Antibiotics bioavailability in acute experimental pancreatitis.

Pancreatic sepsis in acute pancreatitis is the most lethal complication of the disease. This study was done to create a rational basis for the choice of antibiotics used in the treatment of severe acute pancreatitis. We postulated that, unless the antibiotics were present in therapeutic concentrations in the pancreatic tissue during pancreatitis, their use was of no value. Six mongrel dogs were used to test each antibiotic, each dog acting as its own control. The doses were based on the weight of the dogs: 15.0 milligrams per kilogram of clindamycin; 50.0 milligrams per kilogram of chloramphenicol; 10.0 milligrams per kilogram of metronidazole; 5.0 milligrams per kilogram of gentamicin; 12.5 milligrams per kilogram of cefazolin, and 50.0 milligrams per kilogram of ampicillin. Baseline serum and pancreatic tissue levels were obtained after intravenous injection of the antibiotics. Bile-trypsin hemorrhagic pancreatitis was induced one week later, and the serum and pancreatic tissue level antibiotics were measured again. The results showed significant differences in bioactive levels of antibiotics between blood and the pancreas. Ampicillin, gentamicin and cefazolin reached therapeutic blood levels, but did not achieve a parallel therapeutic level in the normal pancreatic tissue or during pancreatitis.
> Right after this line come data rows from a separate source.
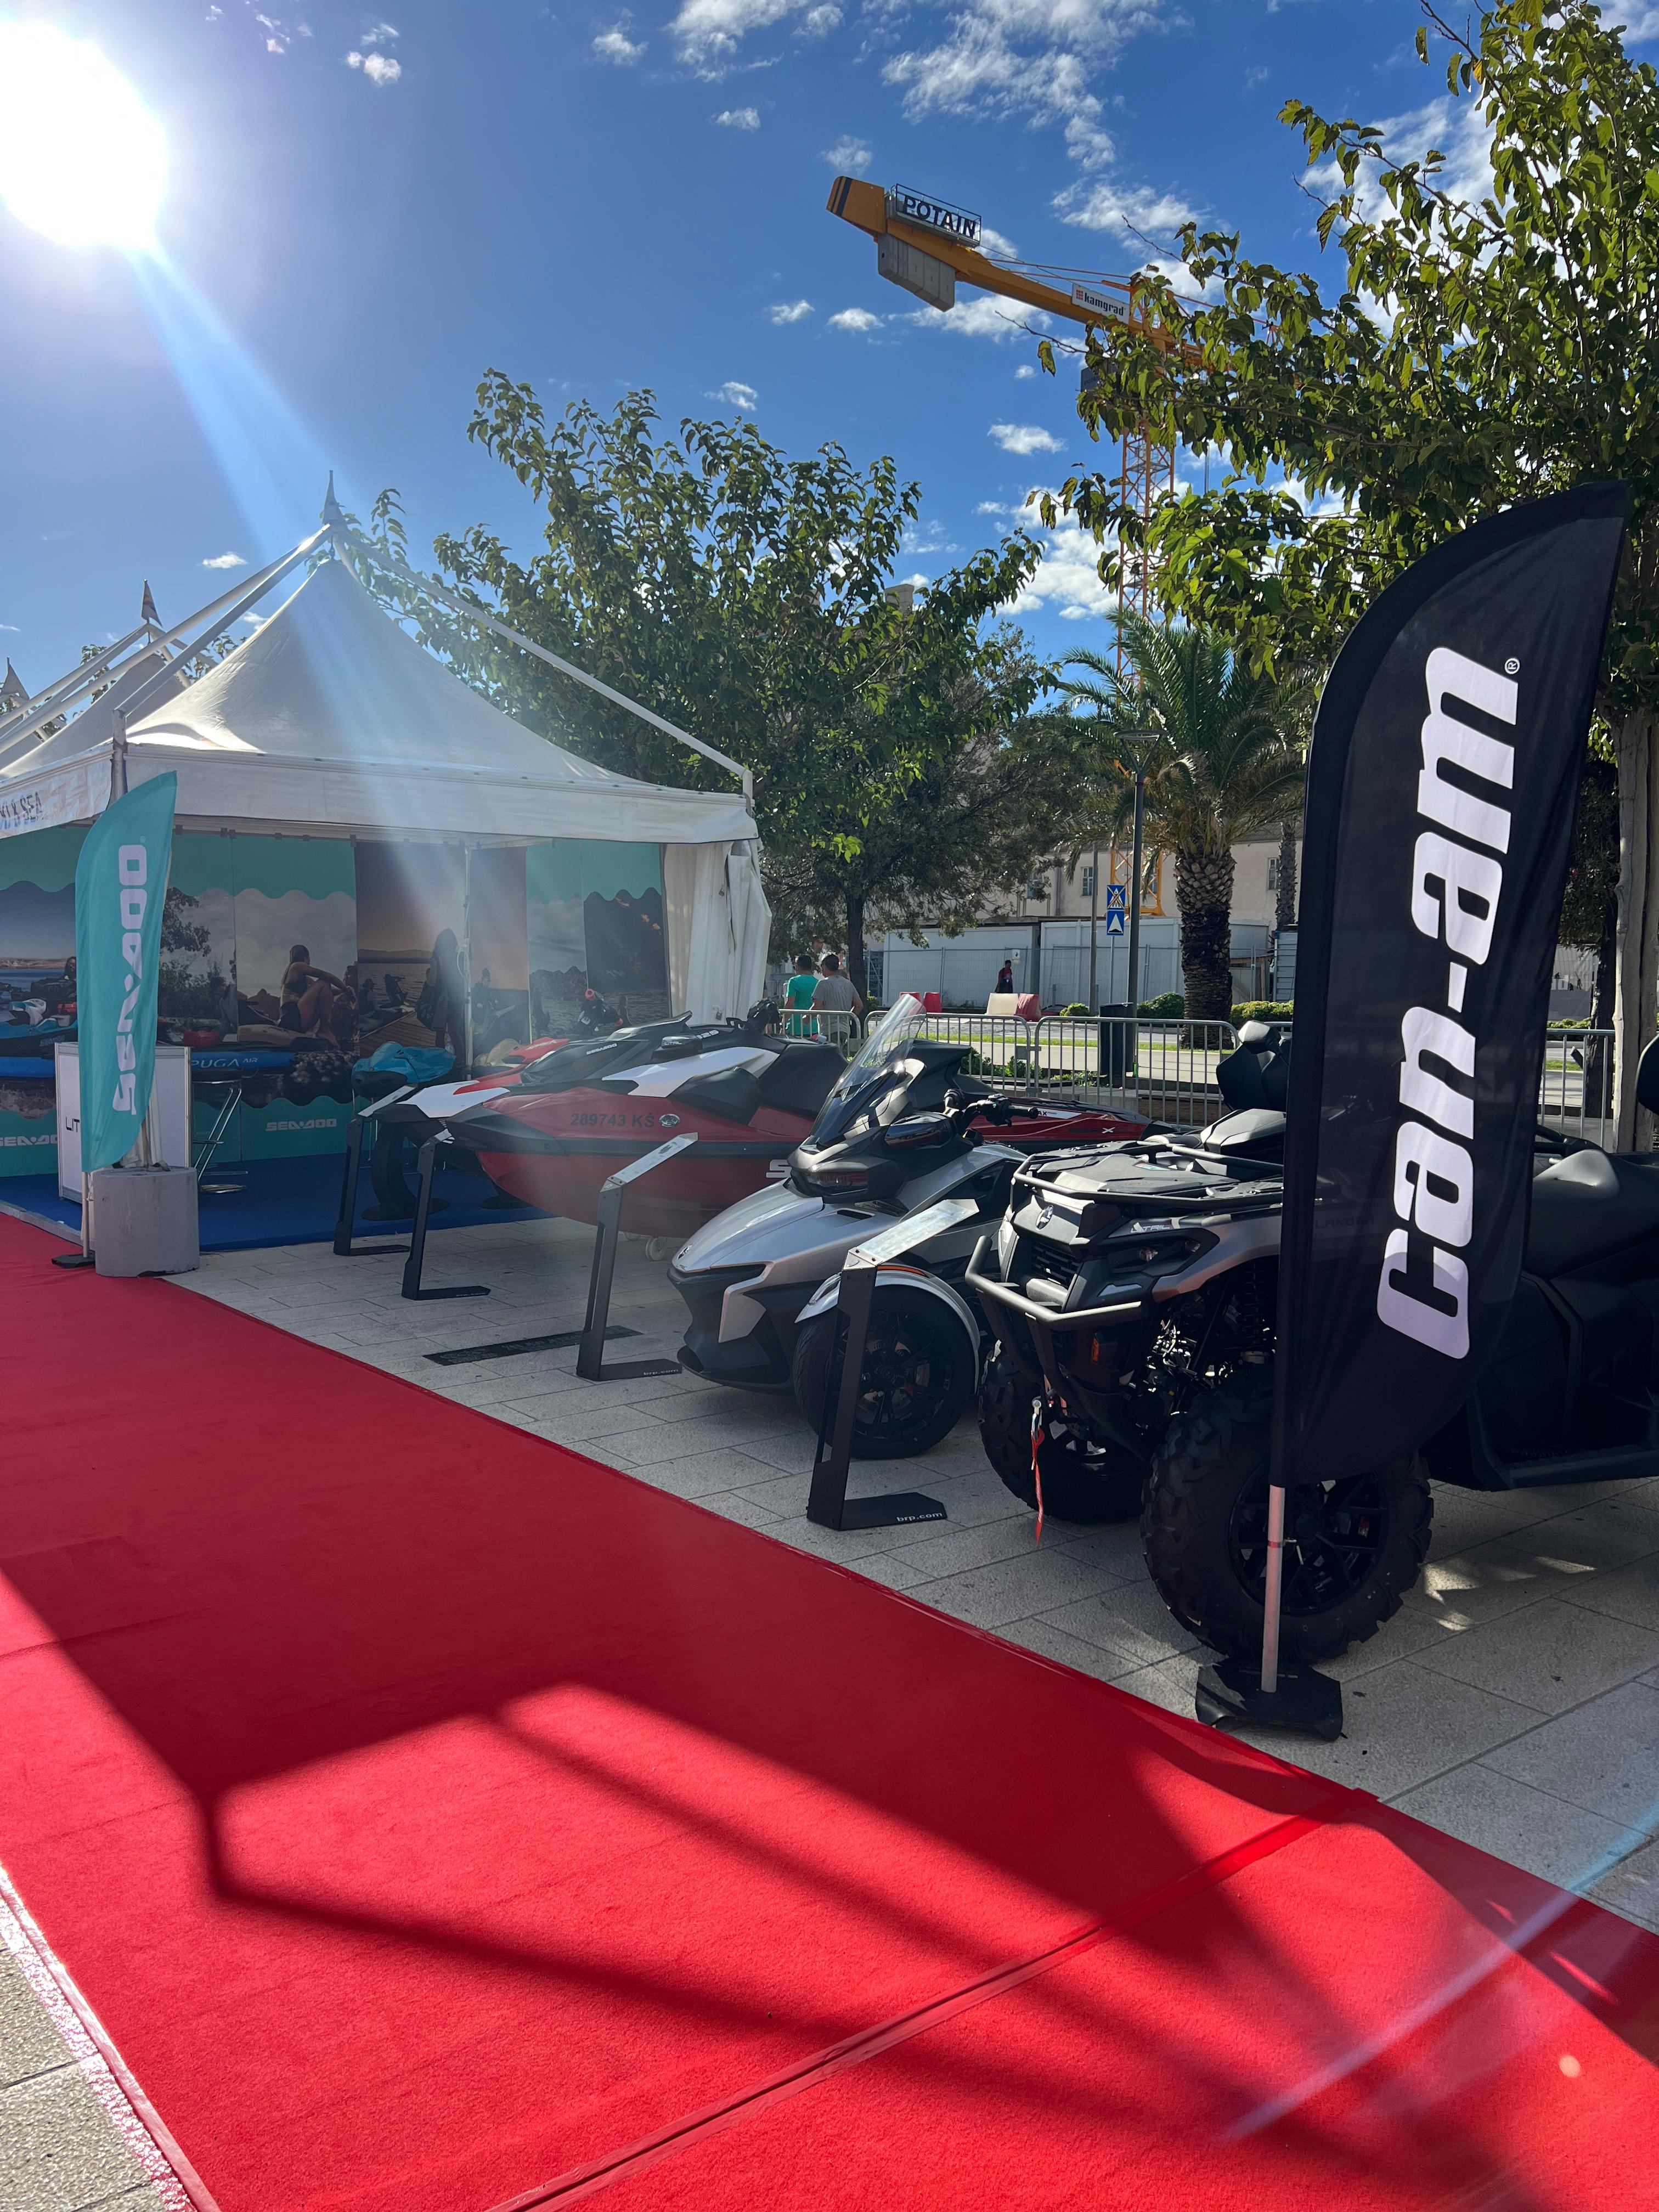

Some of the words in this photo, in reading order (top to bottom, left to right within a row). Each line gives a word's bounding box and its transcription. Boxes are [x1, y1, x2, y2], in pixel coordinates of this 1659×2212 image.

[904, 194, 975, 240] POTAIN
[1084, 292, 1124, 317] kamgrad
[571, 1114, 626, 1127] 289743
[632, 1112, 655, 1127] KŠ
[896, 1513, 943, 1521] brp.com
Only three of the antibiotics tested, clindamycin, metronidazole and chloramphenicol, achieved therapeutic tissue penetrance in the normal and inflamed pancreas. After 1982, based on these results, clindamycin became our prophylactic antibiotic of choice in instances of acute severe pancreatitis. This resulted in the eradication of Bacteroides as a cause of pancreatic sepsis between 1980 and 1985. In 1993, our recommendation is to use a broad-spectrum gram-negative and gram-positive antibiotic with good penetration of the pancreatic tissue, such as cefotaxime or imipenem.